BIBLIOBUS Littérature française

Les initiales - Félix Galipaux (1860-1931)

 

A Georges PEYRAT.

 

 

—Entrez! dis-je du ton brusque d'un homme qu'on vient de réveiller tout à coup.

Et mon ami Jules, fit son apparition dans ma chambre. Il enjamba pantalon, habit, chapeau, qui traînaient par terre, et s'asseyant sans plus de façon au pied de mon lit—bien qu'un siège vacant ne fût pas introuvable—il aborda carrément la question, me lançant à brûle-pourpoint cette phrase traîtresse:

—Que fais-tu ce soir?

—Je me coucherai, fis-je en me retournant de l'autre côté pour montrer à mon ami que, s'il s'en allait tout de suite, il me ferait bien plaisir et me permettrait ainsi de reprendre le somme interrompu.

Mais, hélas, Jules était comme l'avare Achéron!

—Eh bien, puisque tu es libre, reprit-il, je t'emmène avec moi chez madame de Saint-Girieix.

—Pourquoi faire?

—Comment, pourquoi faire? mais tu n'as donc pas lu les journaux! Elle donne ce soir un bal splendide dans son hôtel, avec kermesse et tout le tralala, au profit des veuves des matelots suisses morts victimes de leur dévouement pendant cet incendie terrible qui a détruit une partie de Berne! Mais on ne parle que de cette fête; ce sera absolument féerique, il faut y venir!

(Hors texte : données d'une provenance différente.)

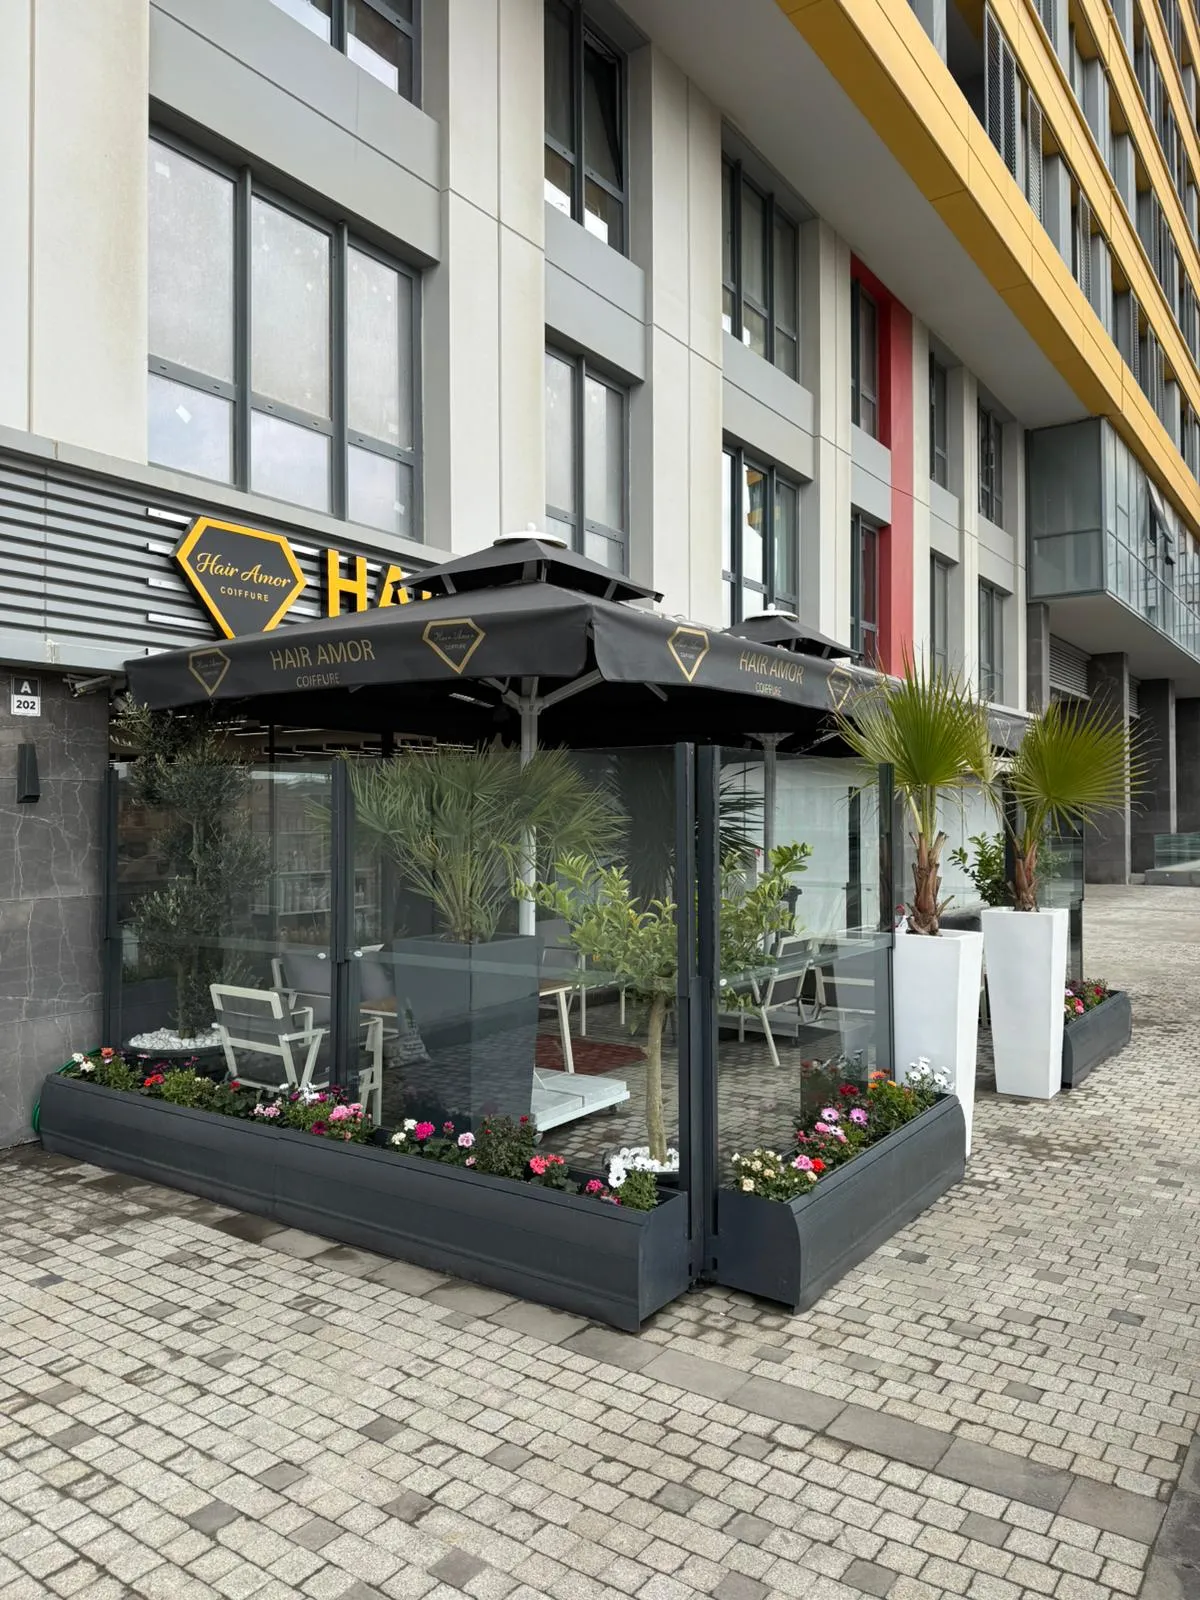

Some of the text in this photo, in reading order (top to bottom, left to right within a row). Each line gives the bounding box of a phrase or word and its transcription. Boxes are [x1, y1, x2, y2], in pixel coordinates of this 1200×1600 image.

[196, 552, 291, 588] Hair Amor
[220, 586, 269, 602] COIFFURE
[327, 548, 432, 618] HA
[269, 639, 376, 671] HAIR AMOR
[739, 650, 804, 685] HAIR AMOR
[20, 680, 32, 694] A
[296, 672, 341, 688] COIFFURE
[15, 699, 36, 710] 202

Judic vendra des pêches, Granier des bretelles, Léonce doit faire du trapèze à 6 mètres de hauteur dans le cour d'honneur, enfin, je compte sur toi.... Eh, bien! qu'est-ce que tu as? tu restes abruti ... on dirait, ma parole que tu ne comprends pas.

 

 

_______________________________________

 

 

—En effet, je ne comprends pas comment toi, qui me connais, toi, mon ami, à qui je n'ai jamais fait le moindre mal, toi qui n'ignores pas ma profonde antipathie pour ces petites fêtes chorégraphiques, tu viennes m'inviter à en subir une.... Oui, je sais, avec toi.... C'est égal, je te remercie du choix, mais je ne puis....

—Oh! voyons, tu ne vas pas me refuser de m'accompagner, à présent surtout que j'ai annoncé ta venue à madame de Saint-Girieix. Ce serait joli ... tu me ferais passer pour un farceur!

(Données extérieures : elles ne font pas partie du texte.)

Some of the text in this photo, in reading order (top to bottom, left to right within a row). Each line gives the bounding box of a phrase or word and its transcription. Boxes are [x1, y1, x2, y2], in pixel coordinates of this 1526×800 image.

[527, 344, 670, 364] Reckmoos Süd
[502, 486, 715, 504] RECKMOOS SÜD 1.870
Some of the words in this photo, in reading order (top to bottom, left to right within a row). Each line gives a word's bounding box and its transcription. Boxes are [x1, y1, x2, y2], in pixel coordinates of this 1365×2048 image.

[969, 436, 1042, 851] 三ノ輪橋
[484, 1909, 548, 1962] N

—Comment, est-ce que ... maladie subite ... empêchement imprévu....

—Sont des clichés usés, mon cher.

—Et puis, crois-tu que madame de Saint-Girieix n'aura pas autre chose à faire qu'à te demander de me présenter.... Dans ces soirées-là, c'est à peine si la maîtresse de la maison regarde les gens qu'on lui présente.... Non, va, un de plus, un de moins, ce n'est pas ça qui ...

—Voyons, ce n'est pas sérieux, ce que tu me dis là.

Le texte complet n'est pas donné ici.